::: EXERCISE DATA

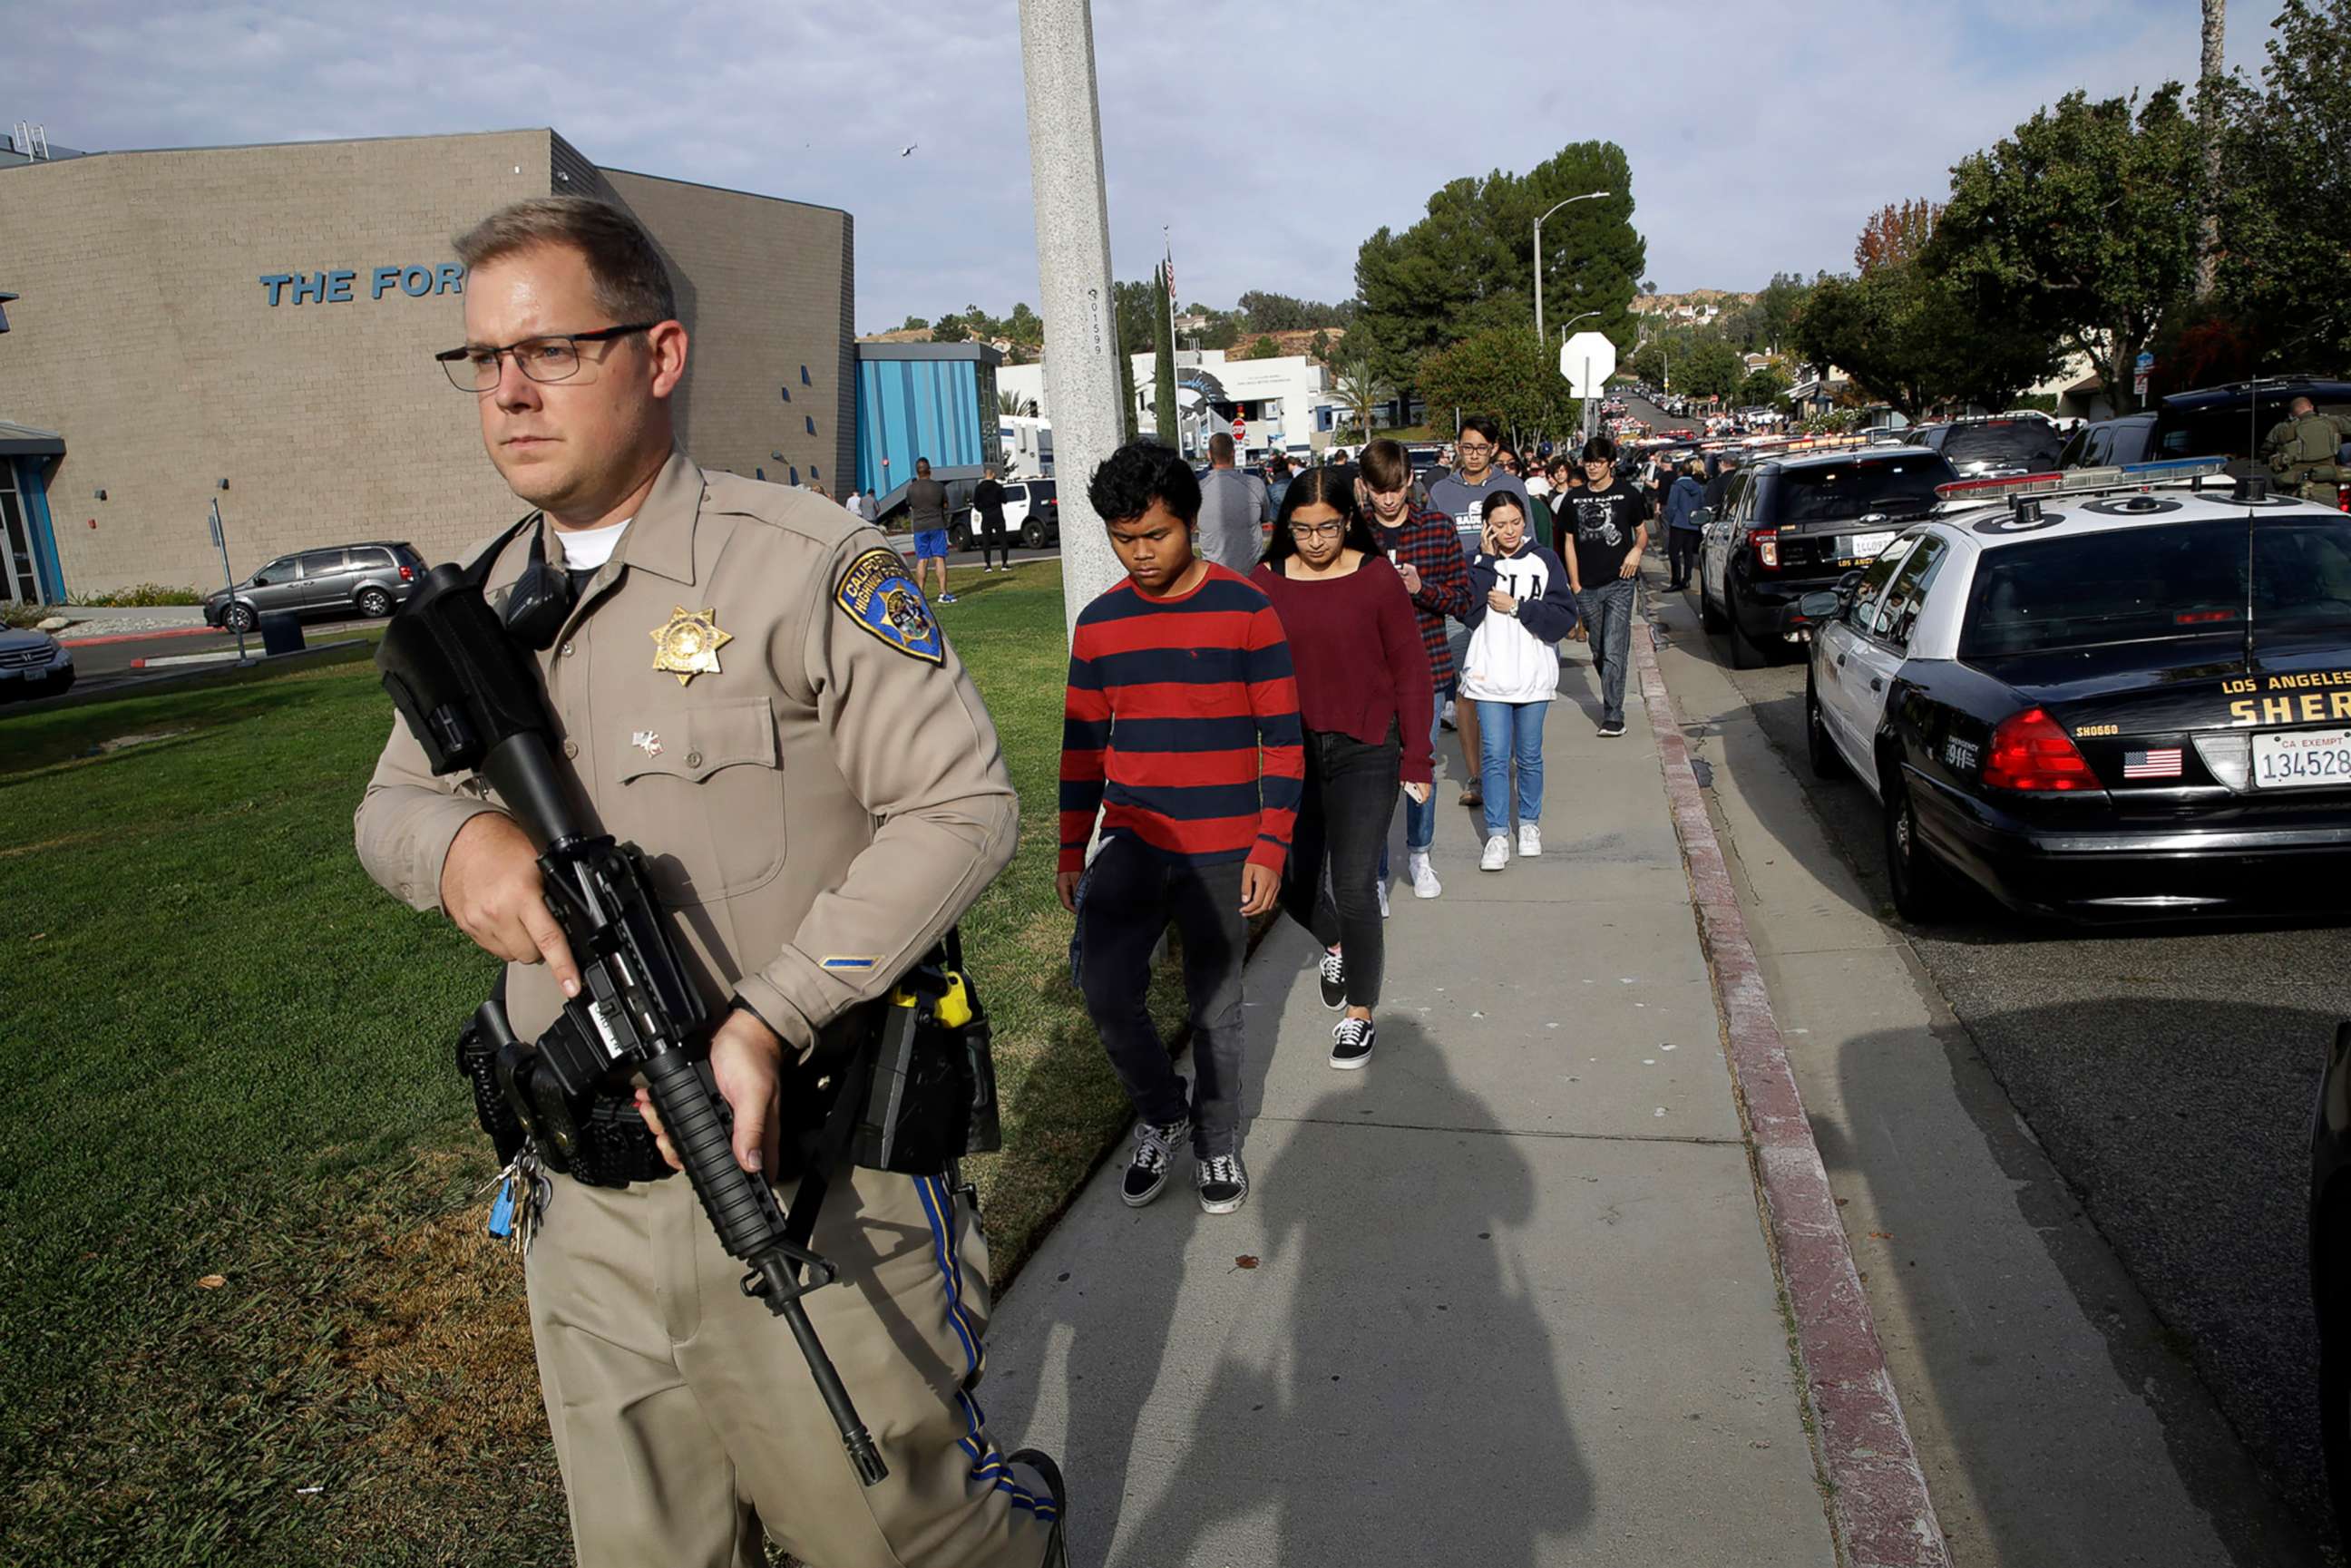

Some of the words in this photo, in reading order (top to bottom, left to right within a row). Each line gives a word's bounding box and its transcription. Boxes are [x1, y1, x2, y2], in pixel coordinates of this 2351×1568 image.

[259, 269, 355, 306] THE
[1091, 303, 1101, 355] 01599
[854, 571, 886, 615] HIGHWAY
[2222, 679, 2257, 694] LOS
[2268, 671, 2351, 689] ANGELES
[2230, 691, 2351, 725] SHER
[1949, 745, 1966, 768] 911
[2282, 740, 2297, 748] CA
[2302, 737, 2343, 747] EXEMPT
[2264, 749, 2351, 779] 134528
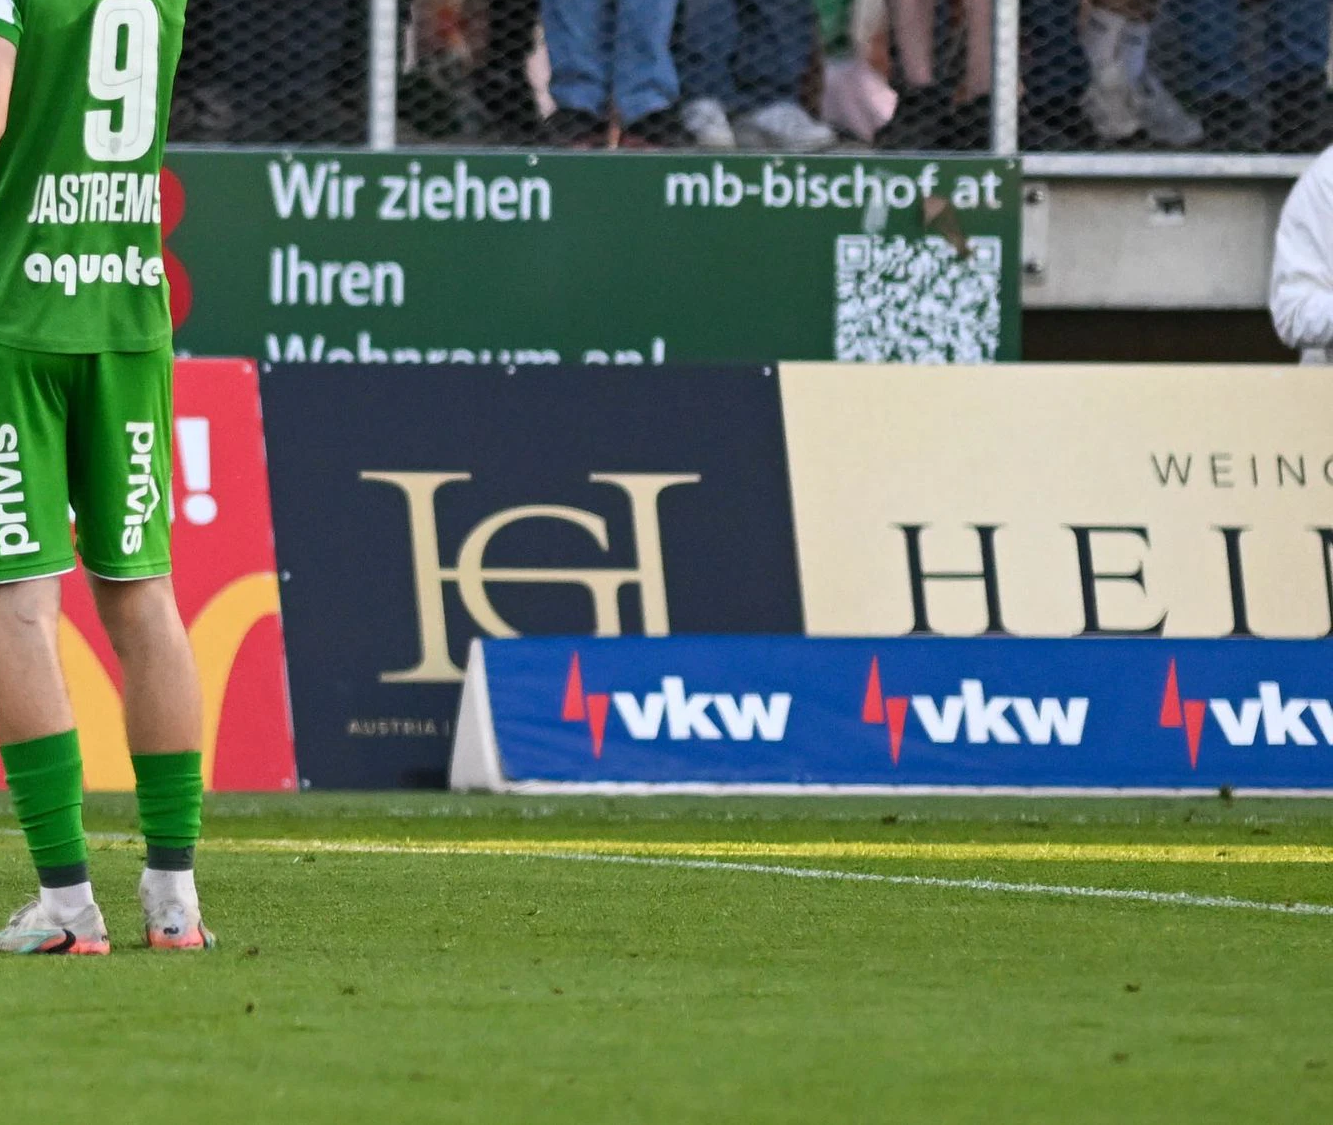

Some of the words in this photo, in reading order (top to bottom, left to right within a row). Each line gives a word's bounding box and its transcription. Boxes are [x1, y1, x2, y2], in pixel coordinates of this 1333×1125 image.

[267, 163, 365, 219] Wir
[377, 165, 553, 222] ziehen
[269, 246, 405, 306] Ihren
[121, 421, 155, 556] privis
[347, 718, 437, 736] AUSTRIA
[611, 675, 792, 741] vkw
[912, 678, 1090, 745] vkw

::::::

§ **TASK DIRECTIONS**: Nothing but an exact copy of the data, without pictures, should be returned.

§ **EXERCISE RESULT**:
Some of the words in this photo, in reading order (top to bottom, left to right within a row). Each line gives a word's bounding box and its transcription. Boxes are [x1, y1, x2, y2], in pixel coordinates of this 2351×1568 image.

[259, 269, 355, 306] THE
[1091, 303, 1101, 355] 01599
[854, 571, 886, 615] HIGHWAY
[2222, 679, 2257, 694] LOS
[2268, 671, 2351, 689] ANGELES
[2230, 691, 2351, 725] SHER
[1949, 745, 1966, 768] 911
[2282, 740, 2297, 748] CA
[2302, 737, 2343, 747] EXEMPT
[2264, 749, 2351, 779] 134528

Some of the words in this photo, in reading order (top to bottom, left to right within a row). Each line gives a word's bounding box and its transcription. Boxes are [x1, y1, x2, y2], in pixel coordinates of this 1333×1125 image.

[267, 163, 365, 219] Wir
[377, 165, 553, 222] ziehen
[269, 246, 405, 306] Ihren
[121, 421, 155, 556] privis
[347, 718, 437, 736] AUSTRIA
[611, 675, 792, 741] vkw
[912, 678, 1090, 745] vkw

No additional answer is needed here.